* Exercise *
Copy the records below exactly, omitting any pictures they contain.

* Records shown *
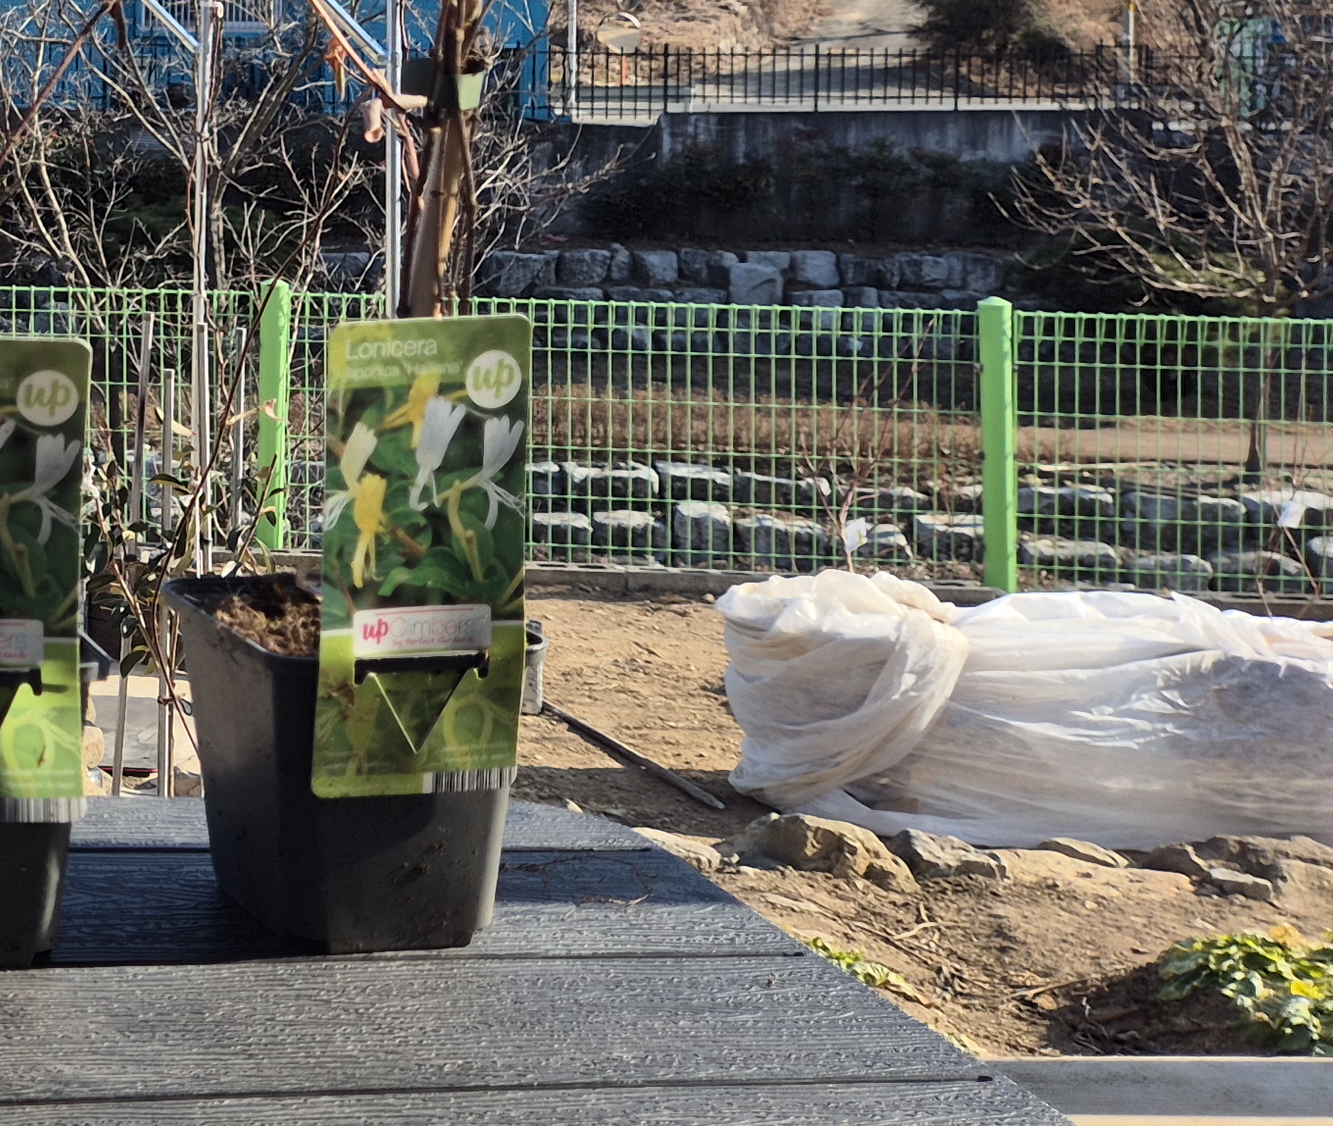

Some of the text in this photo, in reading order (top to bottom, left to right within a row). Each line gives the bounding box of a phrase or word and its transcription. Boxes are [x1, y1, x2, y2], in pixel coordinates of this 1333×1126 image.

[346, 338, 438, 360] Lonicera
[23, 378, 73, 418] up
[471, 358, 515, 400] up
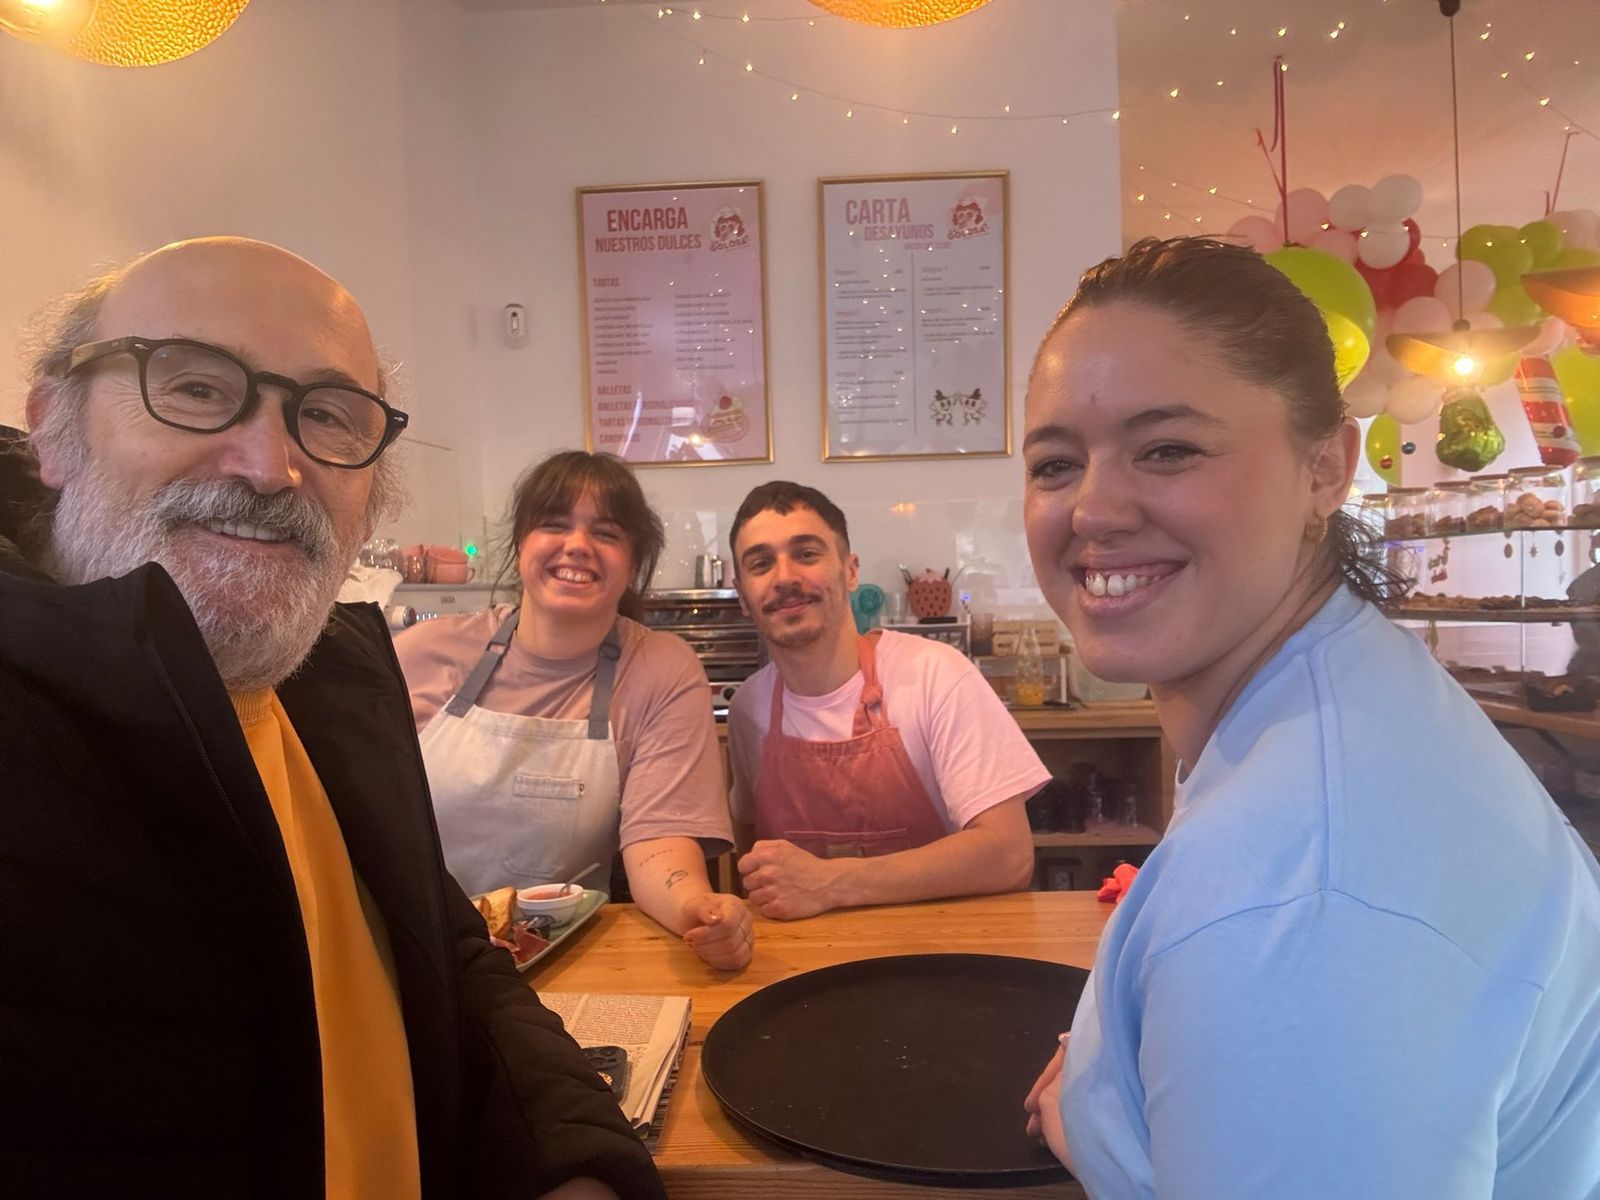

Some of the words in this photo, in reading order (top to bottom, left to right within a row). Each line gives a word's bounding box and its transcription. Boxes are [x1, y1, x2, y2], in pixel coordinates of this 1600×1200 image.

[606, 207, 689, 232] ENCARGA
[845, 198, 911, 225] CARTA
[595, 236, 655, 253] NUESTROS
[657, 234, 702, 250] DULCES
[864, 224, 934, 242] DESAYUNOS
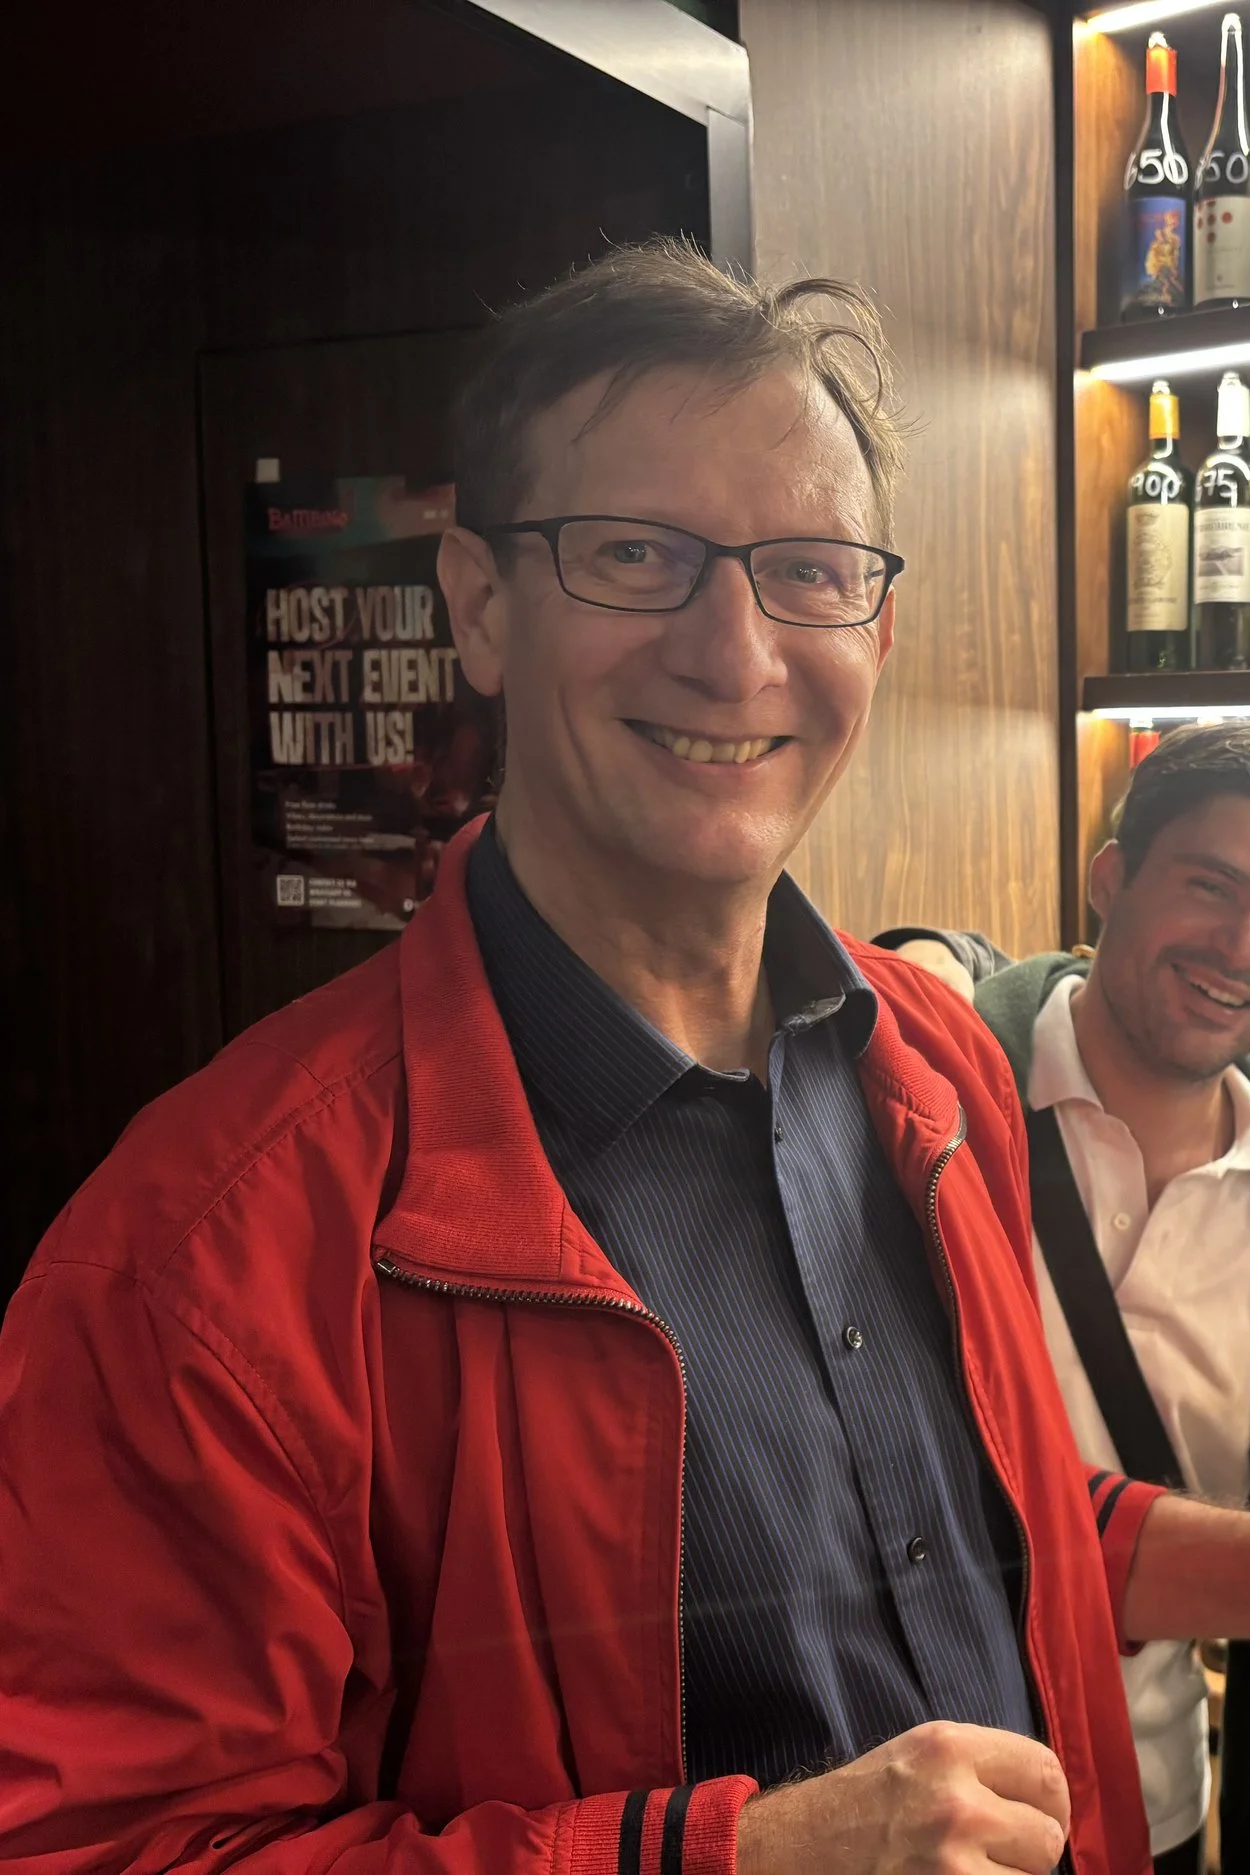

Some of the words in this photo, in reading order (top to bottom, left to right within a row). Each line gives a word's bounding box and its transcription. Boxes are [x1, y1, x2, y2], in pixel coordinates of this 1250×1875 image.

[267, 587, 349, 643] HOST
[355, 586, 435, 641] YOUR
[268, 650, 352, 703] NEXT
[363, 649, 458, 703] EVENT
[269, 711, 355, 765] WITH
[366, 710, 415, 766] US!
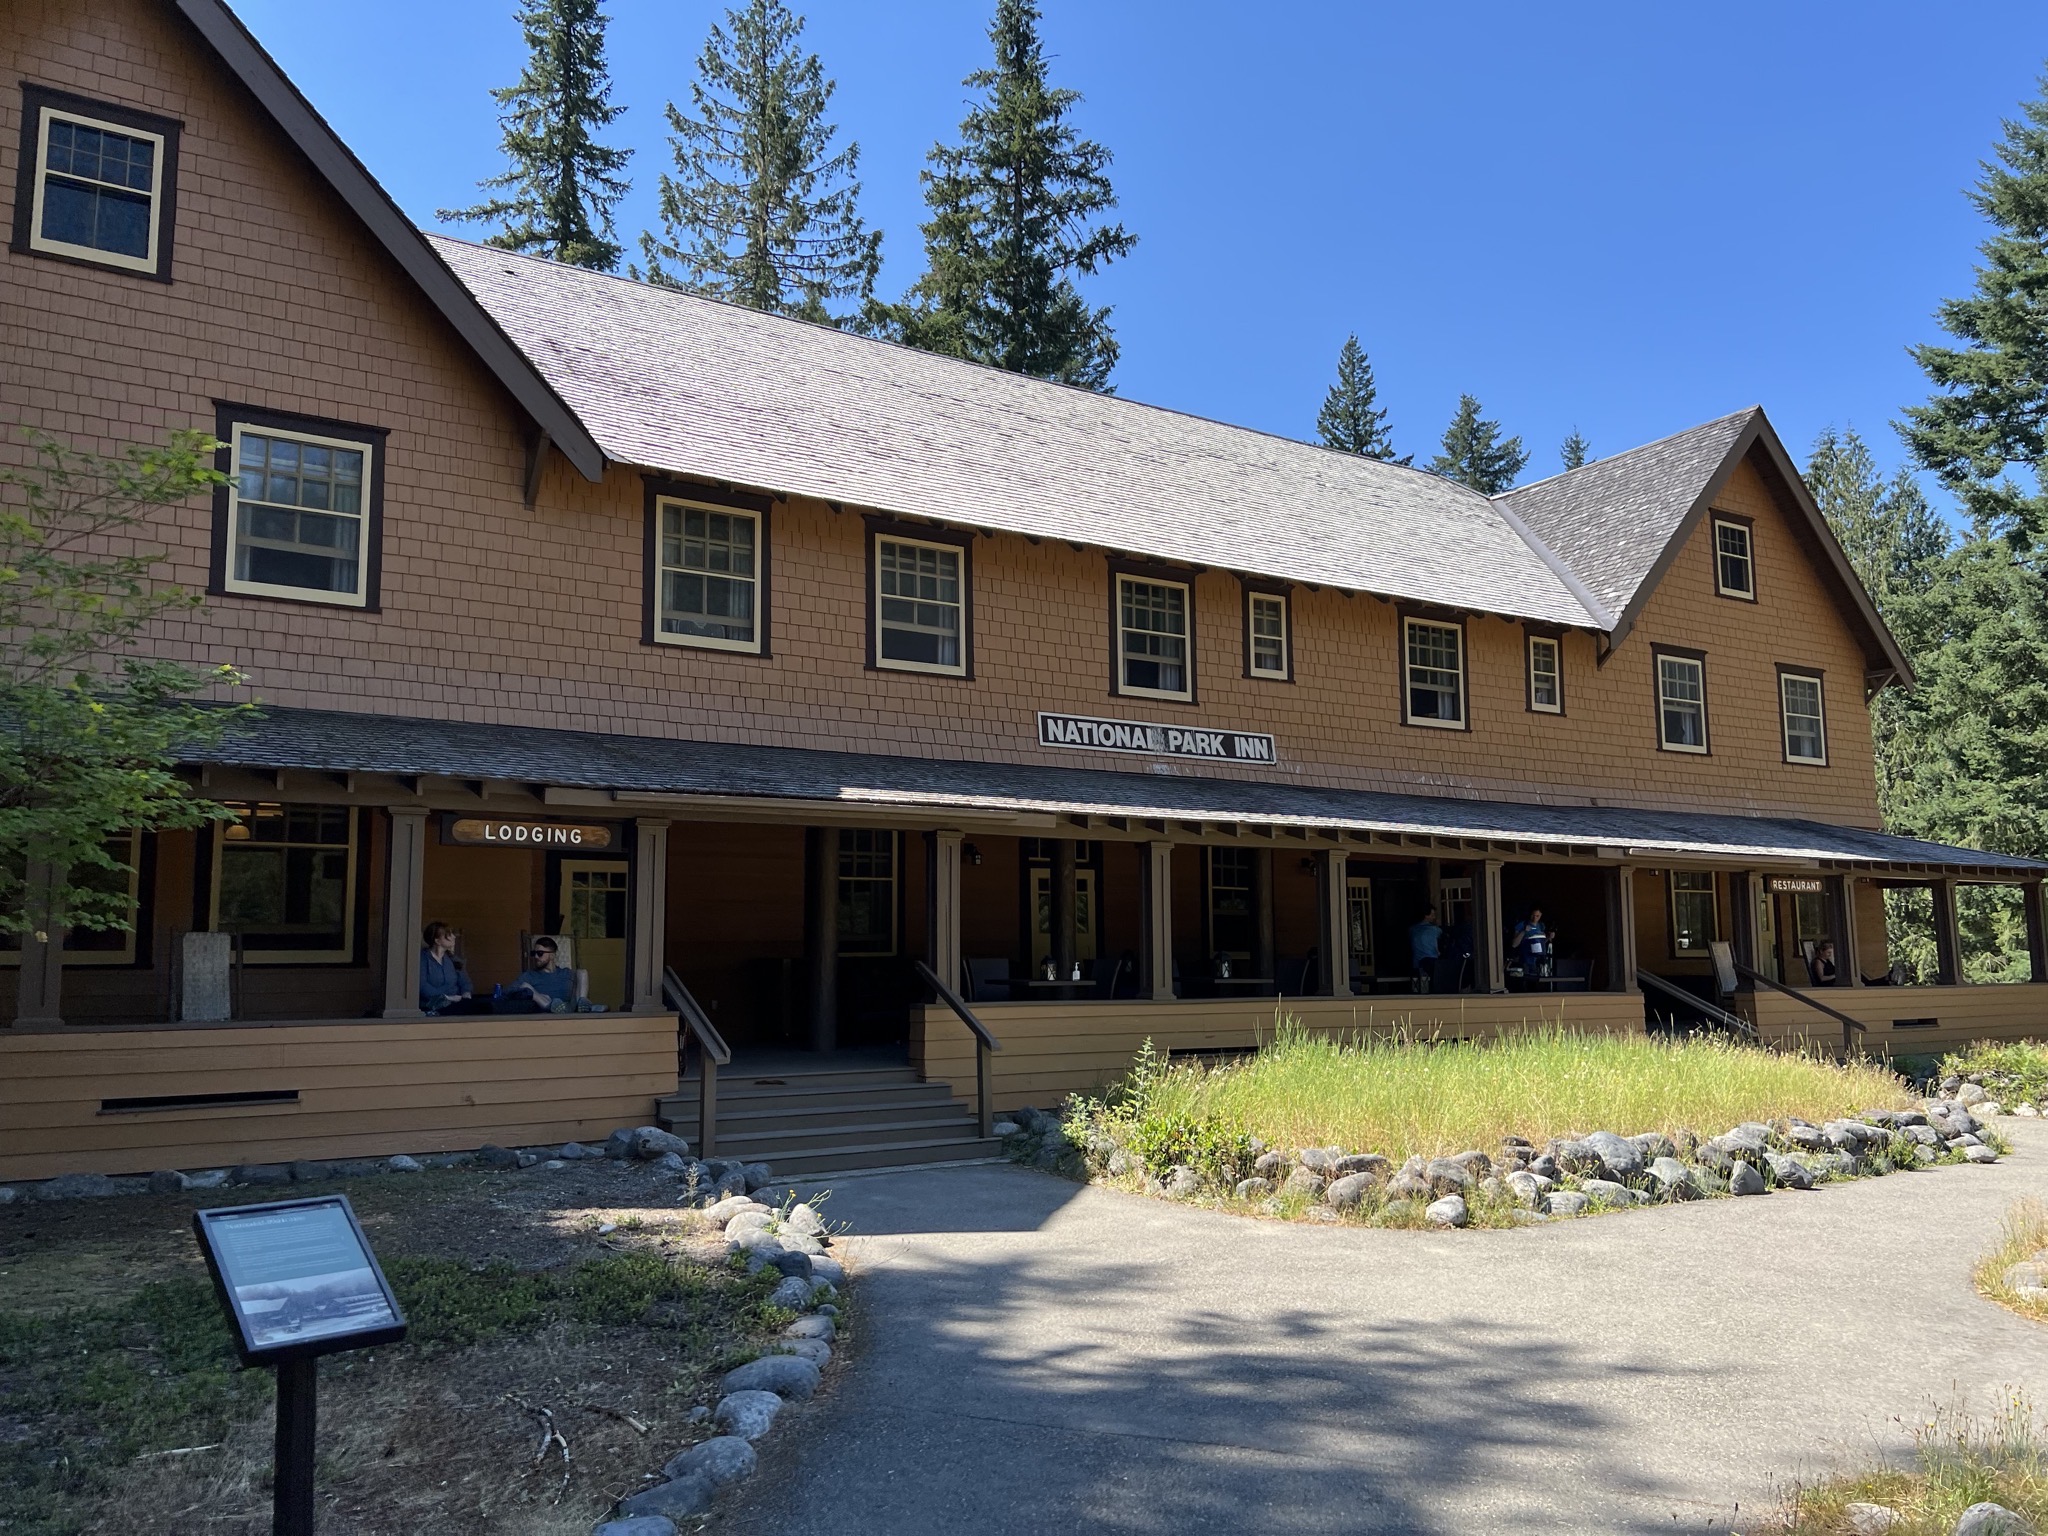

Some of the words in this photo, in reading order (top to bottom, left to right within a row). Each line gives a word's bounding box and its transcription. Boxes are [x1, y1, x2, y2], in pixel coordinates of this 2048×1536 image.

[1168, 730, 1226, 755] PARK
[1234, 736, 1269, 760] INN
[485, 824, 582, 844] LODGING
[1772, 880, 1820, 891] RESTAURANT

* Answer for the task *
Some of the text in this photo, in reading order (top to bottom, left to right within a row). Each line gives the bounding box of a phrase or word and its transcription. Boxes are [x1, y1, x2, y2], in pixel coordinates of this 1333×1126 image.

[346, 338, 438, 360] Lonicera
[23, 378, 73, 418] up
[471, 358, 515, 400] up

Some of the words in this photo, in reading order (top to bottom, left to right within a row). Each line gives a word's bounding box and its transcription. Boxes are [x1, y1, x2, y2], in pixel coordinates of this 1600×1200 image.

[606, 207, 689, 232] ENCARGA
[845, 198, 911, 225] CARTA
[595, 236, 655, 253] NUESTROS
[657, 234, 702, 250] DULCES
[864, 224, 934, 242] DESAYUNOS

Some of the words in this photo, in reading order (top to bottom, left to right within a row). Each line gives a word's bounding box and its transcription. Boxes are [x1, y1, x2, y2], in pixel coordinates of this 1250×1875 image.

[267, 587, 349, 643] HOST
[355, 586, 435, 641] YOUR
[268, 650, 352, 703] NEXT
[363, 649, 458, 703] EVENT
[269, 711, 355, 765] WITH
[366, 710, 415, 766] US!

Some of the words in this photo, in reading order (top to bottom, left to right within a row). Each line gives a word's bounding box and its transcription. Boxes are [x1, y1, x2, y2], in pixel coordinates of this 2048×1536 image.

[1168, 730, 1226, 755] PARK
[1234, 736, 1269, 760] INN
[485, 824, 582, 844] LODGING
[1772, 880, 1820, 891] RESTAURANT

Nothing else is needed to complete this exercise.